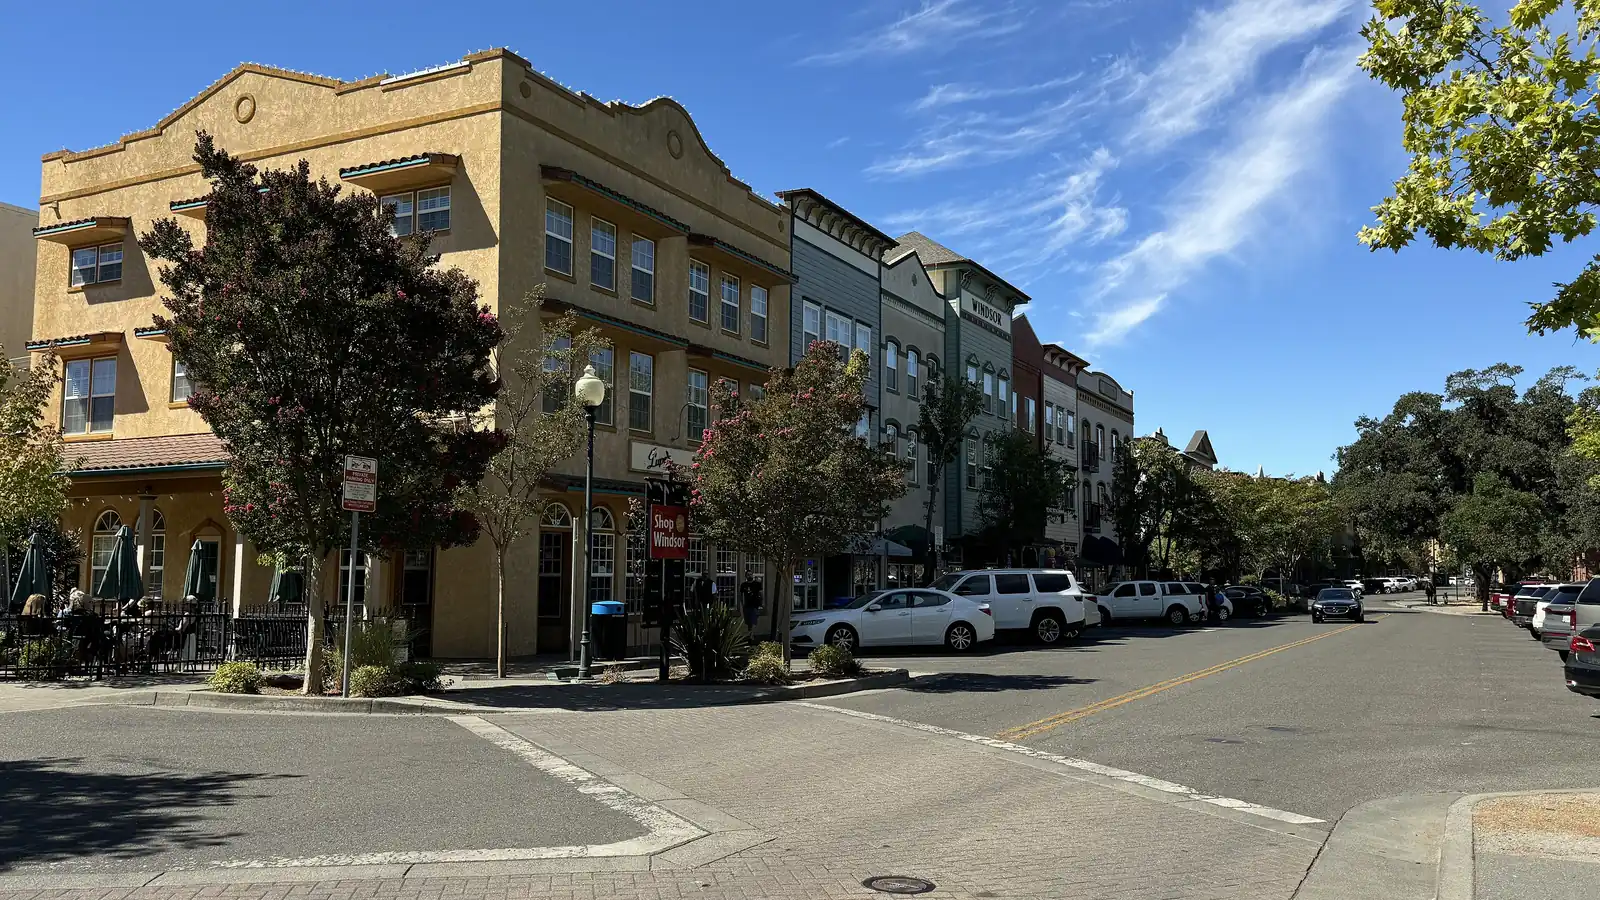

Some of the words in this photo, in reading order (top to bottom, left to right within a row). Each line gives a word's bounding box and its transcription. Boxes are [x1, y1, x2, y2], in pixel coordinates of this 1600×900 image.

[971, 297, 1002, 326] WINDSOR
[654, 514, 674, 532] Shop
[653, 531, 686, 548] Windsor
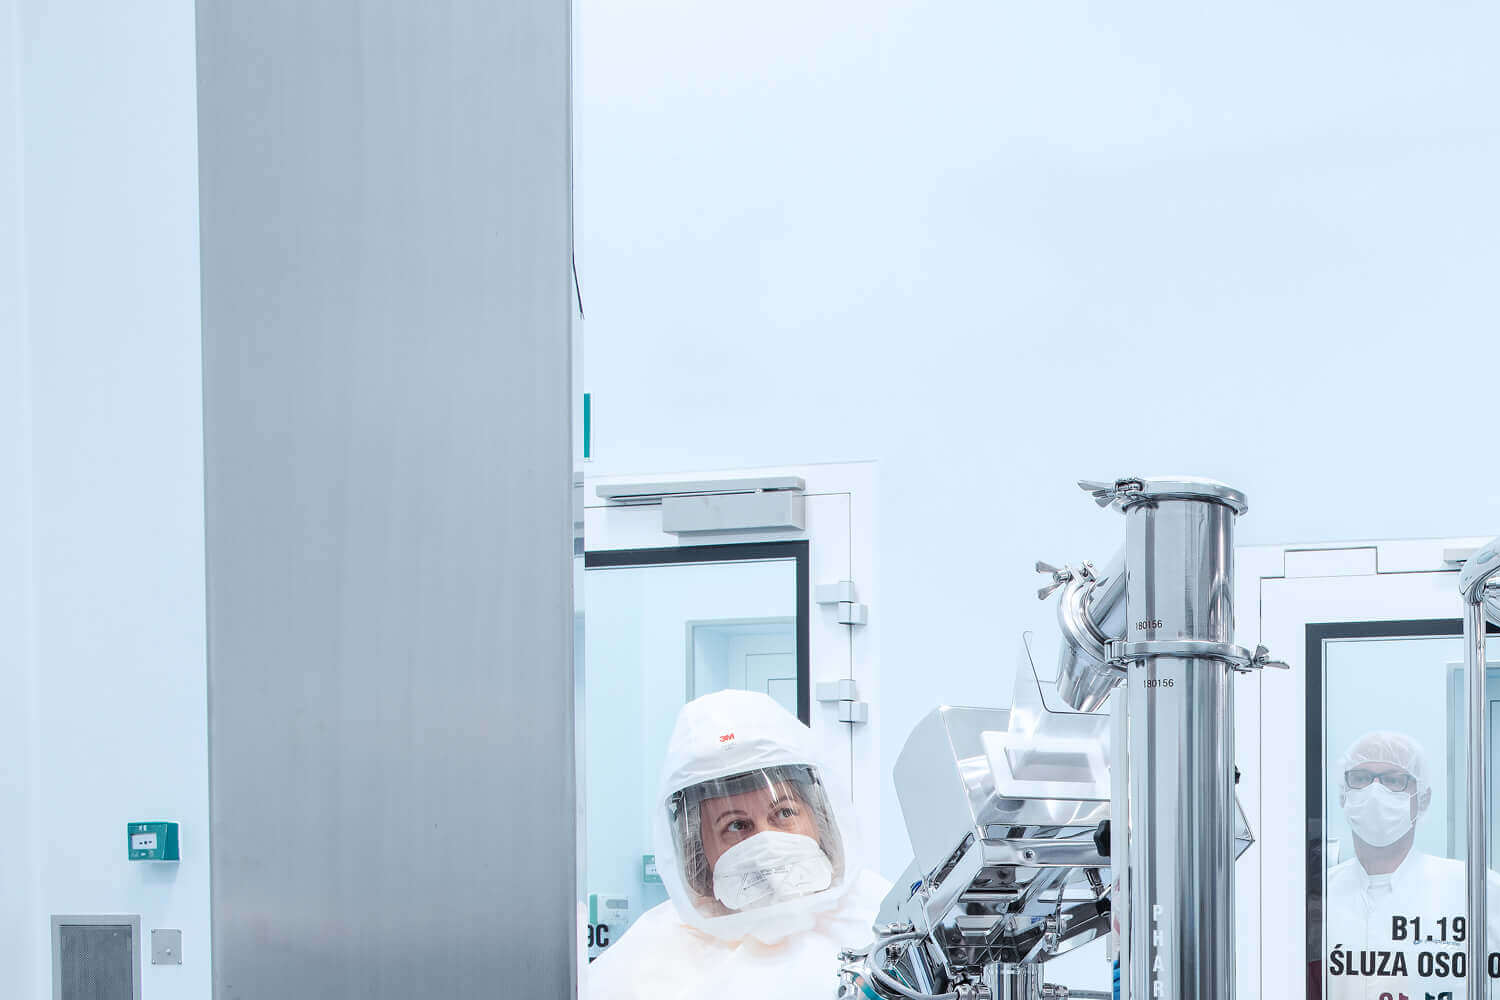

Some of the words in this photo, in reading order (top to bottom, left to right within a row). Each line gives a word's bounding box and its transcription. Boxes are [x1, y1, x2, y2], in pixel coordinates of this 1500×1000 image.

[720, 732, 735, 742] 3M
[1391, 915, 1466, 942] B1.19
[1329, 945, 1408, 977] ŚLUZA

· · · · · · ·

Please output every line of the listing as it stands, and omit its images.

Some of the words in this photo, in reading order (top to bottom, left to right within a row). Each line gives a word's bounding box and its transcription. Boxes are [x1, y1, x2, y2], in pixel coordinates of this 1600×900 image.

[971, 297, 1002, 326] WINDSOR
[654, 514, 674, 532] Shop
[653, 531, 686, 548] Windsor

Some of the words in this photo, in reading order (top to bottom, left to right within a row). Each line gives a word's bounding box and its transcription. Boxes are [x1, y1, x2, y2], in pixel coordinates of this 1500×1000 image.

[720, 732, 735, 742] 3M
[1391, 915, 1466, 942] B1.19
[1329, 945, 1408, 977] ŚLUZA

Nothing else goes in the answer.